● What to do
Down to the last line, set down the material below exactly; skip the pictures.
========================================================================
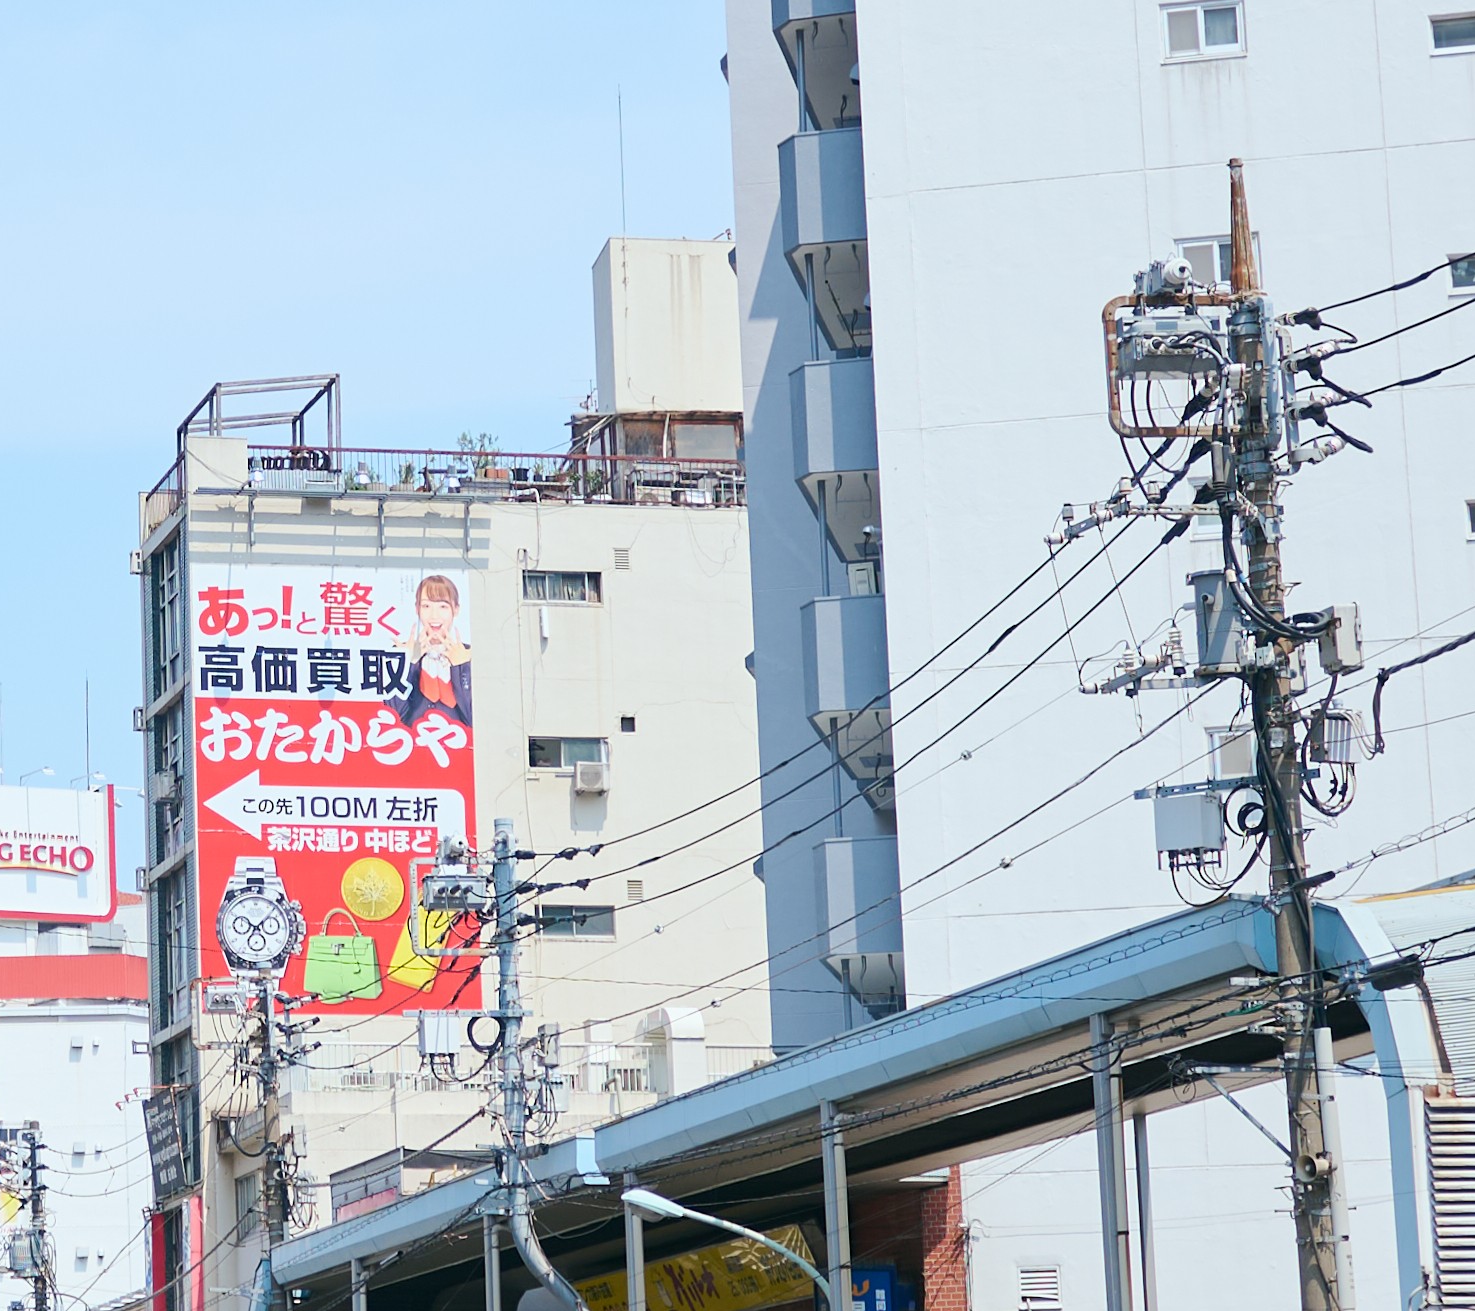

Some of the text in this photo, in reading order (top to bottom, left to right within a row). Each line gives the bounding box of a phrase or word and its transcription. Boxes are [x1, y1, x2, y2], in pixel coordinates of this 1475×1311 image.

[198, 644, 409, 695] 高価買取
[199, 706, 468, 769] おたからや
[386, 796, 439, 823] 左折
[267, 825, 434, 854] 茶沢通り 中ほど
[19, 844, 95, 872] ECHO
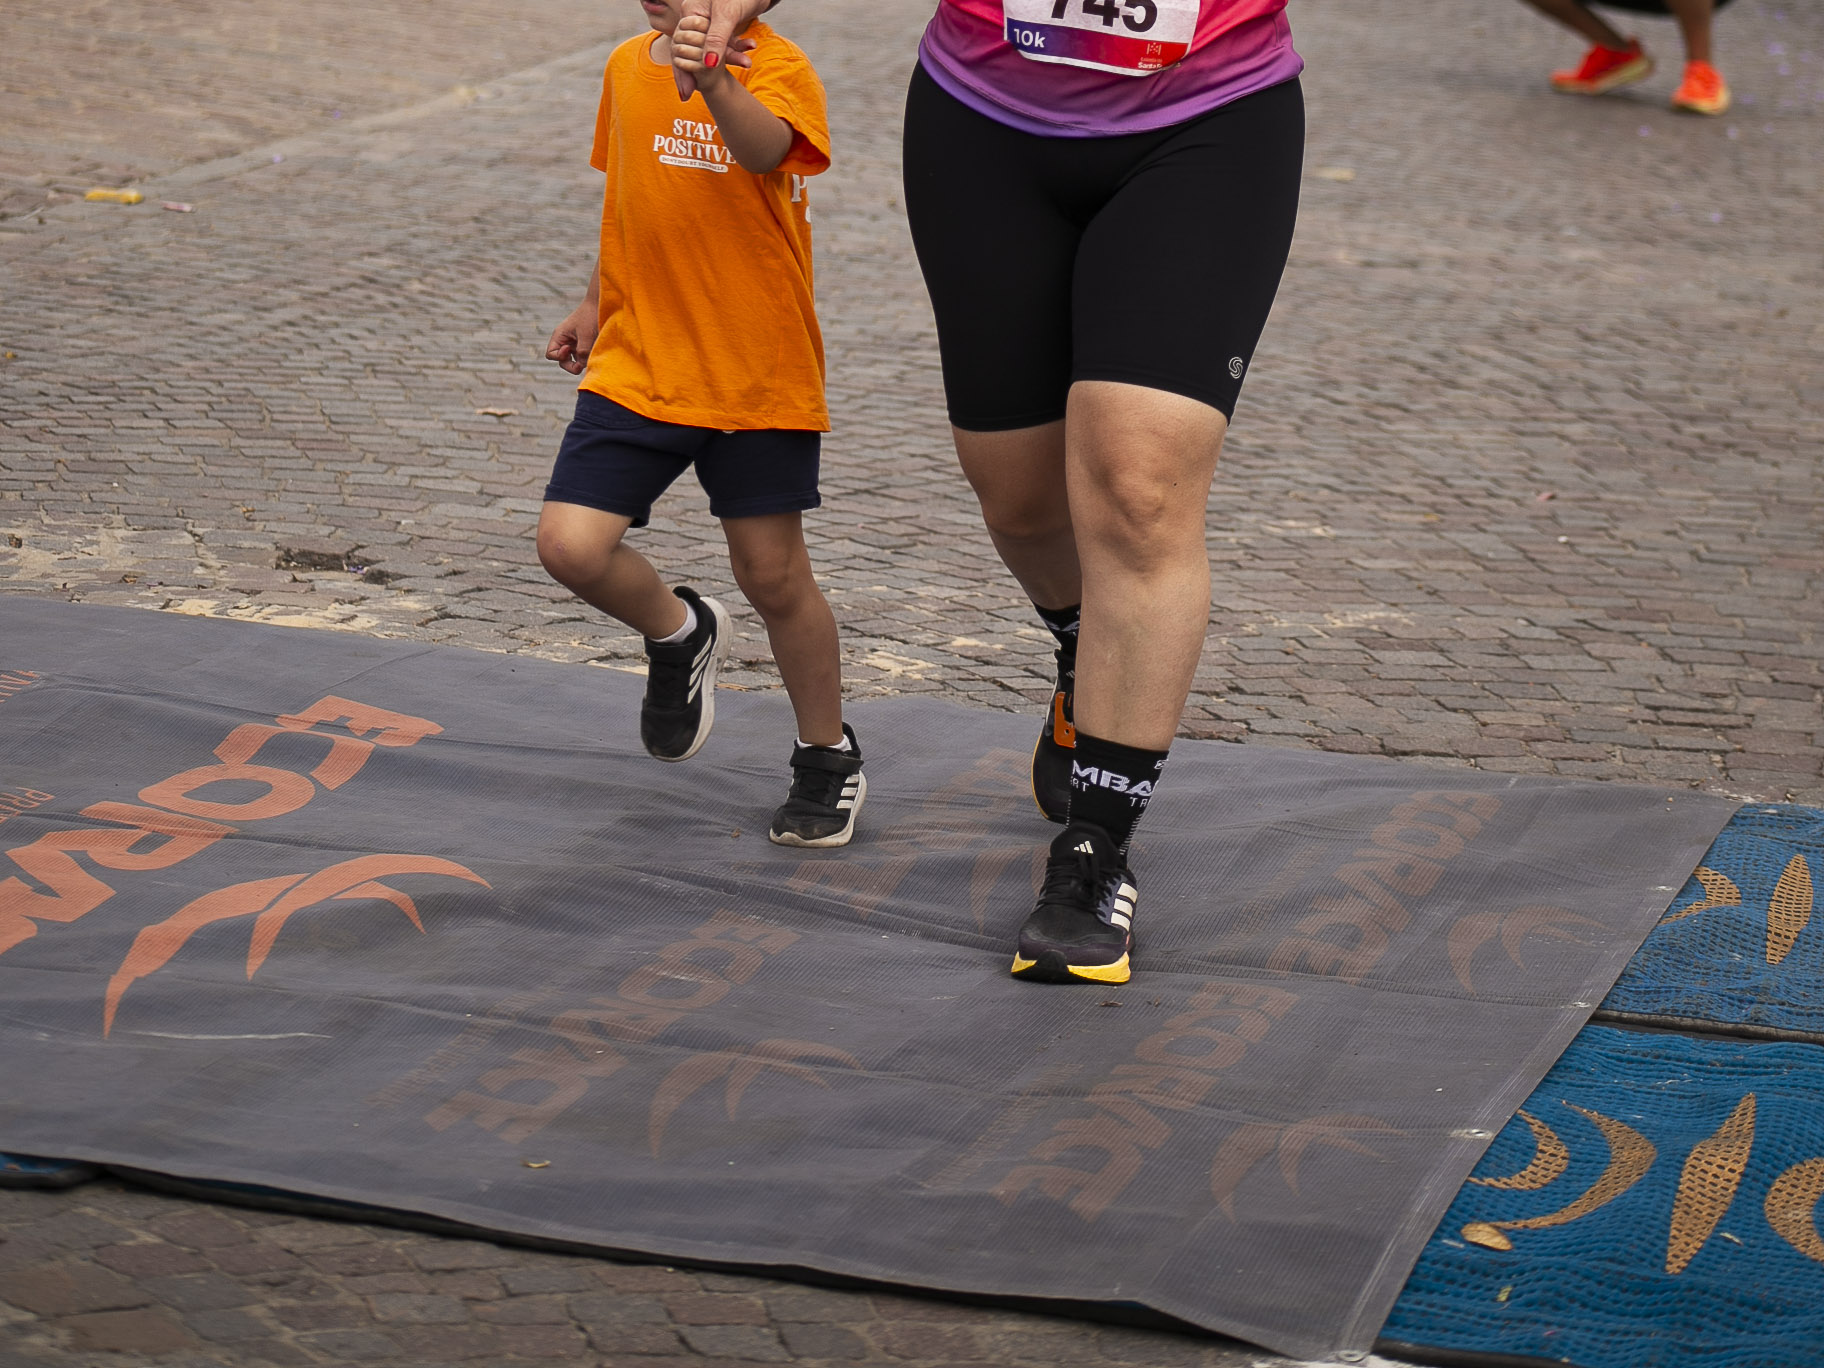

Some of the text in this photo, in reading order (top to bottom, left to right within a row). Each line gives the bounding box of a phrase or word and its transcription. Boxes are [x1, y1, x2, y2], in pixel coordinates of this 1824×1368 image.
========================================================================
● Solved exercise
Some of the text in this photo, in reading order (top to bottom, left to right within a row). Each line gives the bounding box of a phrase or word and its transcription. Boxes are [x1, y1, x2, y2], in pixel coordinates of this 1475×1311 image.

[198, 644, 409, 695] 高価買取
[199, 706, 468, 769] おたからや
[386, 796, 439, 823] 左折
[267, 825, 434, 854] 茶沢通り 中ほど
[19, 844, 95, 872] ECHO

Some of the text in this photo, in reading order (top to bottom, left to right within a row). Each line gives the bounding box of a phrase or word and its transcription. Boxes are [x1, y1, x2, y2], in pixel coordinates of this 1824×1368 image.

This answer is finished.